------ DATA FOR ANALYSIS

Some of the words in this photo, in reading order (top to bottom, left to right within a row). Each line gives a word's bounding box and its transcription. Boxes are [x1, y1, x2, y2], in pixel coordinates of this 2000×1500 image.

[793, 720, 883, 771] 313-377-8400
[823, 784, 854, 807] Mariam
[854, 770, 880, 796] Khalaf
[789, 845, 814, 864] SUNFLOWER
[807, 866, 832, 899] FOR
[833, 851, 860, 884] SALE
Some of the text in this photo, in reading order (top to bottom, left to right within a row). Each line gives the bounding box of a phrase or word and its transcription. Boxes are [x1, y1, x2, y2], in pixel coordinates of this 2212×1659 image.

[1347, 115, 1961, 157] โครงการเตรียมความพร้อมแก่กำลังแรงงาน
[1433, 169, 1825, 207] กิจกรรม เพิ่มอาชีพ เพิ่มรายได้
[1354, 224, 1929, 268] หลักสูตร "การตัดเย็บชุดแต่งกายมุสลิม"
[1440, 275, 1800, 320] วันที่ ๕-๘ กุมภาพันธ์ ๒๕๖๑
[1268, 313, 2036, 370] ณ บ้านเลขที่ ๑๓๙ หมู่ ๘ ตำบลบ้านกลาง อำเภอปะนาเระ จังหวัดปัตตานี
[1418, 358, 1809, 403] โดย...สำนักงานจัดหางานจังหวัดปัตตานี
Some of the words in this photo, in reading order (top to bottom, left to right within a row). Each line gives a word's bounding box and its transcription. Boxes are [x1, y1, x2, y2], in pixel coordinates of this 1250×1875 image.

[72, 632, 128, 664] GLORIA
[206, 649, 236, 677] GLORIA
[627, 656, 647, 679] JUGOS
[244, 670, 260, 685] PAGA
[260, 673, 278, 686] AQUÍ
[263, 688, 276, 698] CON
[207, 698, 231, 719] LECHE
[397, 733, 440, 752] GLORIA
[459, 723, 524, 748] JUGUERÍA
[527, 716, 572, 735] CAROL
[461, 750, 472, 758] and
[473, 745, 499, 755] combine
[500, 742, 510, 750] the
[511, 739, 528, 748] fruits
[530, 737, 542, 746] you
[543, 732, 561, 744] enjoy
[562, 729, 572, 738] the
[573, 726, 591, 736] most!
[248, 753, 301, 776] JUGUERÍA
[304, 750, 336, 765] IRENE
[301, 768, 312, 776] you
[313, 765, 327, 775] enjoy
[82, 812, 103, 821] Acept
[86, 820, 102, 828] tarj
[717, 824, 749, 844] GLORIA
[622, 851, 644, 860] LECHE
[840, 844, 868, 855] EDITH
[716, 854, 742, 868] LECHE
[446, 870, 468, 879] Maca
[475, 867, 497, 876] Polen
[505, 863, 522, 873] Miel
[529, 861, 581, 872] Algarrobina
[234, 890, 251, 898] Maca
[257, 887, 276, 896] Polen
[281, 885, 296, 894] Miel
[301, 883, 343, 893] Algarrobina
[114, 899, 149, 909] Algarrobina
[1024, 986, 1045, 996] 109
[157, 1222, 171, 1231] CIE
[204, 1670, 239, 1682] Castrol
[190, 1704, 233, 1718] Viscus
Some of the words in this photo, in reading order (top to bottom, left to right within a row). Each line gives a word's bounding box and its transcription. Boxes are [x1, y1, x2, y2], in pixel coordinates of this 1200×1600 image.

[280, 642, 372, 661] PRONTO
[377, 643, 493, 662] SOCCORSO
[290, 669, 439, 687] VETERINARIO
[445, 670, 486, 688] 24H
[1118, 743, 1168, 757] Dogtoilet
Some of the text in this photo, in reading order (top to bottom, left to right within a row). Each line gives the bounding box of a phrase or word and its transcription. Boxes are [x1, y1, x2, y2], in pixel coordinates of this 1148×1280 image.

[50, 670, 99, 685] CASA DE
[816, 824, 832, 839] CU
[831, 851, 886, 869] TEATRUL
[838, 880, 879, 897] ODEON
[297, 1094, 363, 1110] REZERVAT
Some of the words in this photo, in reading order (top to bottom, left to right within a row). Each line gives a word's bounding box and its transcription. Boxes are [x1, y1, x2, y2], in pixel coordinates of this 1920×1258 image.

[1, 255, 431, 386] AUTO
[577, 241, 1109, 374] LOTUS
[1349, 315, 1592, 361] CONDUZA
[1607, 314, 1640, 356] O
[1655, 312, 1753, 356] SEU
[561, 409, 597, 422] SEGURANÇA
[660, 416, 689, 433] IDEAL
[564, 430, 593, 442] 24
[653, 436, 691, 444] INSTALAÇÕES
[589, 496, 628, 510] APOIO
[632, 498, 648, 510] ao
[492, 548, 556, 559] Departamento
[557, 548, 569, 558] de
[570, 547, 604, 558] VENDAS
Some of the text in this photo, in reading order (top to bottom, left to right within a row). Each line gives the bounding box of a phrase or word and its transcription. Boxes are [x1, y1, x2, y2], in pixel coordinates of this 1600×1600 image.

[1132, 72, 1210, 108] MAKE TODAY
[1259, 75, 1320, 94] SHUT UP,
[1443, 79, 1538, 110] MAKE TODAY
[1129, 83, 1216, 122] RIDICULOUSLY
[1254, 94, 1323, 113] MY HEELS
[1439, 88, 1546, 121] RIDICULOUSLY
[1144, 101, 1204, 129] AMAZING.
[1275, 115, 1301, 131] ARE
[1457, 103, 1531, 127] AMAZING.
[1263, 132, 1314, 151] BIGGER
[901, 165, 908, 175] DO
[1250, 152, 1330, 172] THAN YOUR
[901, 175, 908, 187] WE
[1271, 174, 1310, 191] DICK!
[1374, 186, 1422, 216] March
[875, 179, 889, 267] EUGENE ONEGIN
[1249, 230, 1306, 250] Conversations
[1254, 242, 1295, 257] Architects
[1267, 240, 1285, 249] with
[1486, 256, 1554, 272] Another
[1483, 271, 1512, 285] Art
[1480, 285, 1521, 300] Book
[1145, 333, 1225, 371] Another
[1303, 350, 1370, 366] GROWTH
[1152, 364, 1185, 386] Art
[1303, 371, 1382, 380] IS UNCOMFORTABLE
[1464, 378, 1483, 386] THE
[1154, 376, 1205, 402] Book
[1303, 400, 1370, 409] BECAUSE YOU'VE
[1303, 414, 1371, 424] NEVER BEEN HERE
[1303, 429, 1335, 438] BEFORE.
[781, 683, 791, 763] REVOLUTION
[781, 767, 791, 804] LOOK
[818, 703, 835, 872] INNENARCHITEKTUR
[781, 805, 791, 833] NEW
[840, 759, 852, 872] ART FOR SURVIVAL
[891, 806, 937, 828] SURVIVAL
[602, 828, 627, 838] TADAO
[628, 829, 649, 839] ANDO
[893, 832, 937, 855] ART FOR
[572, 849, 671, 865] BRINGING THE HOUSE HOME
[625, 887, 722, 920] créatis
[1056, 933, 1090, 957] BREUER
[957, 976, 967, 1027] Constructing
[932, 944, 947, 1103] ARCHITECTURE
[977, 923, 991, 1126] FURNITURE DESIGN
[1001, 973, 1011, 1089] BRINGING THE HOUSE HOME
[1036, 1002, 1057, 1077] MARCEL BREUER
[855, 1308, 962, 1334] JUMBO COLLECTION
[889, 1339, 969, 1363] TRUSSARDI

------------

_REQUIRED WORK:_ Give back every line above, unchanged.

_RESPONSE BOX:_
Some of the words in this photo, in reading order (top to bottom, left to right within a row). Each line gives a word's bounding box and its transcription. Boxes are [x1, y1, x2, y2], in pixel coordinates of this 2000×1500 image.

[793, 720, 883, 771] 313-377-8400
[823, 784, 854, 807] Mariam
[854, 770, 880, 796] Khalaf
[789, 845, 814, 864] SUNFLOWER
[807, 866, 832, 899] FOR
[833, 851, 860, 884] SALE
Some of the text in this photo, in reading order (top to bottom, left to right within a row). Each line gives the bounding box of a phrase or word and its transcription. Boxes are [x1, y1, x2, y2], in pixel coordinates of this 2212×1659 image.

[1347, 115, 1961, 157] โครงการเตรียมความพร้อมแก่กำลังแรงงาน
[1433, 169, 1825, 207] กิจกรรม เพิ่มอาชีพ เพิ่มรายได้
[1354, 224, 1929, 268] หลักสูตร "การตัดเย็บชุดแต่งกายมุสลิม"
[1440, 275, 1800, 320] วันที่ ๕-๘ กุมภาพันธ์ ๒๕๖๑
[1268, 313, 2036, 370] ณ บ้านเลขที่ ๑๓๙ หมู่ ๘ ตำบลบ้านกลาง อำเภอปะนาเระ จังหวัดปัตตานี
[1418, 358, 1809, 403] โดย...สำนักงานจัดหางานจังหวัดปัตตานี
Some of the words in this photo, in reading order (top to bottom, left to right within a row). Each line gives a word's bounding box and its transcription. Boxes are [x1, y1, x2, y2], in pixel coordinates of this 1250×1875 image.

[72, 632, 128, 664] GLORIA
[206, 649, 236, 677] GLORIA
[627, 656, 647, 679] JUGOS
[244, 670, 260, 685] PAGA
[260, 673, 278, 686] AQUÍ
[263, 688, 276, 698] CON
[207, 698, 231, 719] LECHE
[397, 733, 440, 752] GLORIA
[459, 723, 524, 748] JUGUERÍA
[527, 716, 572, 735] CAROL
[461, 750, 472, 758] and
[473, 745, 499, 755] combine
[500, 742, 510, 750] the
[511, 739, 528, 748] fruits
[530, 737, 542, 746] you
[543, 732, 561, 744] enjoy
[562, 729, 572, 738] the
[573, 726, 591, 736] most!
[248, 753, 301, 776] JUGUERÍA
[304, 750, 336, 765] IRENE
[301, 768, 312, 776] you
[313, 765, 327, 775] enjoy
[82, 812, 103, 821] Acept
[86, 820, 102, 828] tarj
[717, 824, 749, 844] GLORIA
[622, 851, 644, 860] LECHE
[840, 844, 868, 855] EDITH
[716, 854, 742, 868] LECHE
[446, 870, 468, 879] Maca
[475, 867, 497, 876] Polen
[505, 863, 522, 873] Miel
[529, 861, 581, 872] Algarrobina
[234, 890, 251, 898] Maca
[257, 887, 276, 896] Polen
[281, 885, 296, 894] Miel
[301, 883, 343, 893] Algarrobina
[114, 899, 149, 909] Algarrobina
[1024, 986, 1045, 996] 109
[157, 1222, 171, 1231] CIE
[204, 1670, 239, 1682] Castrol
[190, 1704, 233, 1718] Viscus
Some of the words in this photo, in reading order (top to bottom, left to right within a row). Each line gives a word's bounding box and its transcription. Boxes are [x1, y1, x2, y2], in pixel coordinates of this 1200×1600 image.

[280, 642, 372, 661] PRONTO
[377, 643, 493, 662] SOCCORSO
[290, 669, 439, 687] VETERINARIO
[445, 670, 486, 688] 24H
[1118, 743, 1168, 757] Dogtoilet
Some of the text in this photo, in reading order (top to bottom, left to right within a row). Each line gives the bounding box of a phrase or word and its transcription. Boxes are [x1, y1, x2, y2], in pixel coordinates of this 1148×1280 image.

[50, 670, 99, 685] CASA DE
[816, 824, 832, 839] CU
[831, 851, 886, 869] TEATRUL
[838, 880, 879, 897] ODEON
[297, 1094, 363, 1110] REZERVAT
Some of the words in this photo, in reading order (top to bottom, left to right within a row). Each line gives a word's bounding box and its transcription. Boxes are [x1, y1, x2, y2], in pixel coordinates of this 1920×1258 image.

[1, 255, 431, 386] AUTO
[577, 241, 1109, 374] LOTUS
[1349, 315, 1592, 361] CONDUZA
[1607, 314, 1640, 356] O
[1655, 312, 1753, 356] SEU
[561, 409, 597, 422] SEGURANÇA
[660, 416, 689, 433] IDEAL
[564, 430, 593, 442] 24
[653, 436, 691, 444] INSTALAÇÕES
[589, 496, 628, 510] APOIO
[632, 498, 648, 510] ao
[492, 548, 556, 559] Departamento
[557, 548, 569, 558] de
[570, 547, 604, 558] VENDAS
Some of the text in this photo, in reading order (top to bottom, left to right within a row). Each line gives the bounding box of a phrase or word and its transcription. Boxes are [x1, y1, x2, y2], in pixel coordinates of this 1600×1600 image.

[1132, 72, 1210, 108] MAKE TODAY
[1259, 75, 1320, 94] SHUT UP,
[1443, 79, 1538, 110] MAKE TODAY
[1129, 83, 1216, 122] RIDICULOUSLY
[1254, 94, 1323, 113] MY HEELS
[1439, 88, 1546, 121] RIDICULOUSLY
[1144, 101, 1204, 129] AMAZING.
[1275, 115, 1301, 131] ARE
[1457, 103, 1531, 127] AMAZING.
[1263, 132, 1314, 151] BIGGER
[901, 165, 908, 175] DO
[1250, 152, 1330, 172] THAN YOUR
[901, 175, 908, 187] WE
[1271, 174, 1310, 191] DICK!
[1374, 186, 1422, 216] March
[875, 179, 889, 267] EUGENE ONEGIN
[1249, 230, 1306, 250] Conversations
[1254, 242, 1295, 257] Architects
[1267, 240, 1285, 249] with
[1486, 256, 1554, 272] Another
[1483, 271, 1512, 285] Art
[1480, 285, 1521, 300] Book
[1145, 333, 1225, 371] Another
[1303, 350, 1370, 366] GROWTH
[1152, 364, 1185, 386] Art
[1303, 371, 1382, 380] IS UNCOMFORTABLE
[1464, 378, 1483, 386] THE
[1154, 376, 1205, 402] Book
[1303, 400, 1370, 409] BECAUSE YOU'VE
[1303, 414, 1371, 424] NEVER BEEN HERE
[1303, 429, 1335, 438] BEFORE.
[781, 683, 791, 763] REVOLUTION
[781, 767, 791, 804] LOOK
[818, 703, 835, 872] INNENARCHITEKTUR
[781, 805, 791, 833] NEW
[840, 759, 852, 872] ART FOR SURVIVAL
[891, 806, 937, 828] SURVIVAL
[602, 828, 627, 838] TADAO
[628, 829, 649, 839] ANDO
[893, 832, 937, 855] ART FOR
[572, 849, 671, 865] BRINGING THE HOUSE HOME
[625, 887, 722, 920] créatis
[1056, 933, 1090, 957] BREUER
[957, 976, 967, 1027] Constructing
[932, 944, 947, 1103] ARCHITECTURE
[977, 923, 991, 1126] FURNITURE DESIGN
[1001, 973, 1011, 1089] BRINGING THE HOUSE HOME
[1036, 1002, 1057, 1077] MARCEL BREUER
[855, 1308, 962, 1334] JUMBO COLLECTION
[889, 1339, 969, 1363] TRUSSARDI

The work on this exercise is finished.